## Recorded data:
=== Begin Enclosure ===
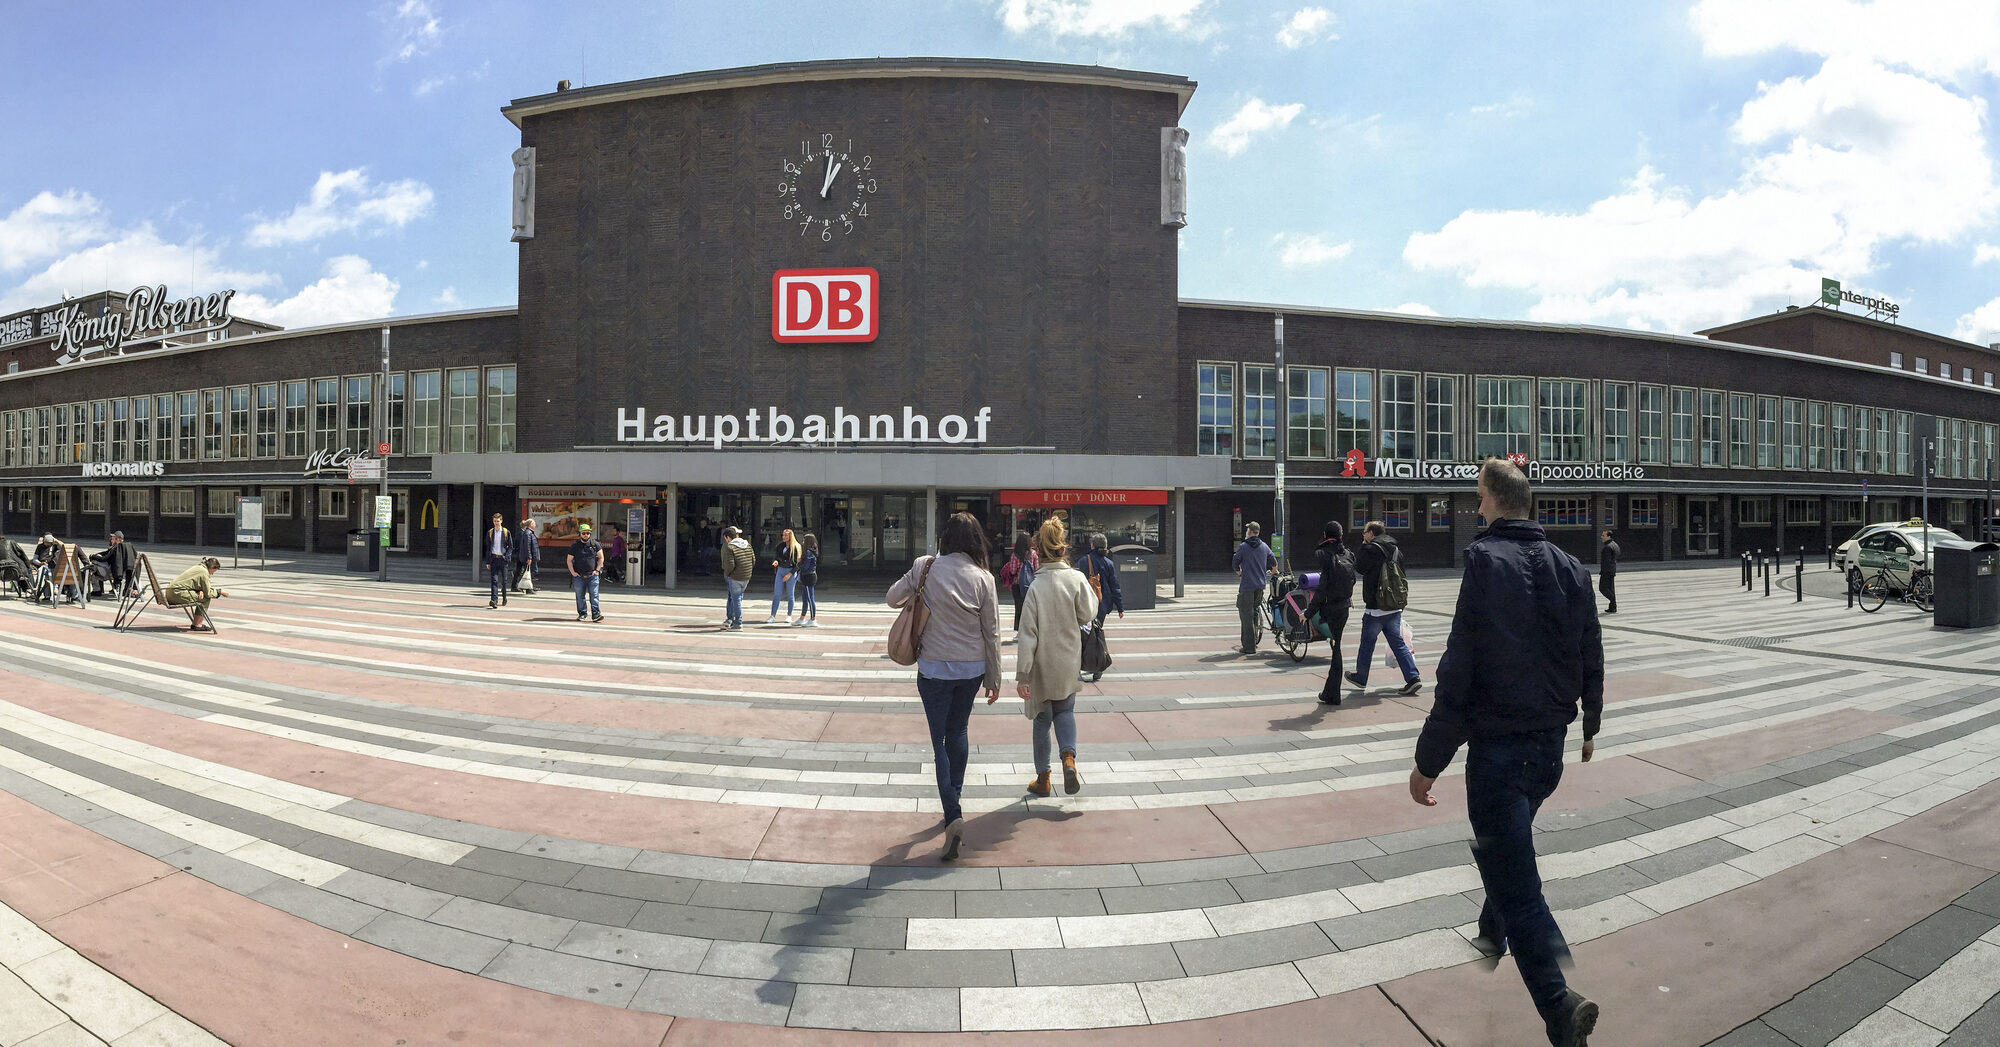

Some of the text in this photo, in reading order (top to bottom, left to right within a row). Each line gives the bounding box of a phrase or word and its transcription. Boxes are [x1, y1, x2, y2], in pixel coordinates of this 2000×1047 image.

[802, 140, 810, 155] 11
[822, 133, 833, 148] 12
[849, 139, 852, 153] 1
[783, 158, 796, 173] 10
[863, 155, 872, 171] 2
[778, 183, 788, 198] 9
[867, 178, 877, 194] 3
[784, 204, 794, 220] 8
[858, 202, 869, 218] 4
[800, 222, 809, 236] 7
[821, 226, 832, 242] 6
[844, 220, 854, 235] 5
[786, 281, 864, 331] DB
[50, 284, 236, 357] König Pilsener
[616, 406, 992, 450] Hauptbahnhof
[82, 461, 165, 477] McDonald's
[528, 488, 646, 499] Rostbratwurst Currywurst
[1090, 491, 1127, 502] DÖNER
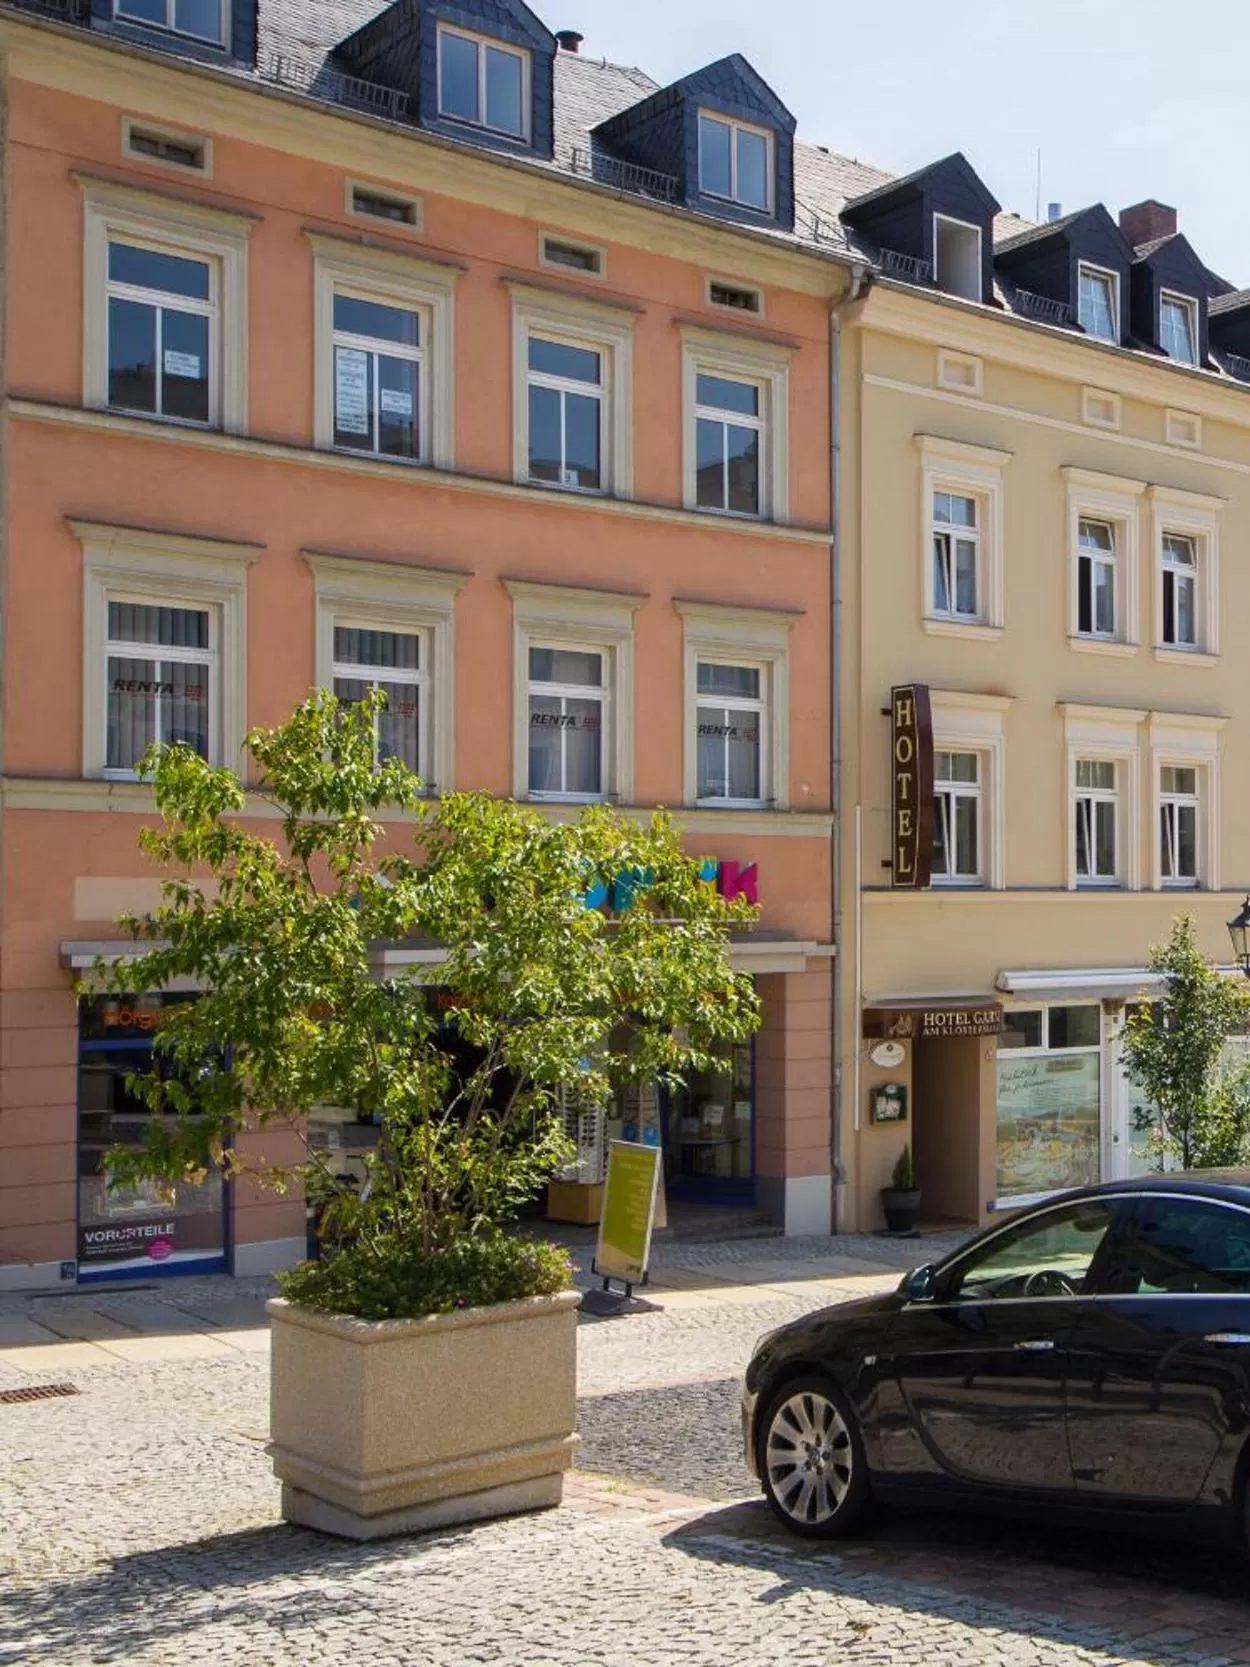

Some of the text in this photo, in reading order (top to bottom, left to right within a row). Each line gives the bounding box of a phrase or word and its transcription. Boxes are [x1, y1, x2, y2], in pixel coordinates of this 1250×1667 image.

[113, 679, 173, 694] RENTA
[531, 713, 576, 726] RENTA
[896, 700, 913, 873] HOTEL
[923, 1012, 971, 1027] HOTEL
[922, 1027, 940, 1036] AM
=== End Enclosure ===
## Exercise details:
Please retype the material above exactly, and omit its images.

## Your solution:
Some of the text in this photo, in reading order (top to bottom, left to right within a row). Each line gives the bounding box of a phrase or word and its transcription. Boxes are [x1, y1, x2, y2], in pixel coordinates of this 2000×1047 image.

[802, 140, 810, 155] 11
[822, 133, 833, 148] 12
[849, 139, 852, 153] 1
[783, 158, 796, 173] 10
[863, 155, 872, 171] 2
[778, 183, 788, 198] 9
[867, 178, 877, 194] 3
[784, 204, 794, 220] 8
[858, 202, 869, 218] 4
[800, 222, 809, 236] 7
[821, 226, 832, 242] 6
[844, 220, 854, 235] 5
[786, 281, 864, 331] DB
[50, 284, 236, 357] König Pilsener
[616, 406, 992, 450] Hauptbahnhof
[82, 461, 165, 477] McDonald's
[528, 488, 646, 499] Rostbratwurst Currywurst
[1090, 491, 1127, 502] DÖNER

Some of the text in this photo, in reading order (top to bottom, left to right within a row). Each line gives the bounding box of a phrase or word and its transcription. Boxes are [x1, y1, x2, y2], in pixel coordinates of this 1250×1667 image.

[113, 679, 173, 694] RENTA
[531, 713, 576, 726] RENTA
[896, 700, 913, 873] HOTEL
[923, 1012, 971, 1027] HOTEL
[922, 1027, 940, 1036] AM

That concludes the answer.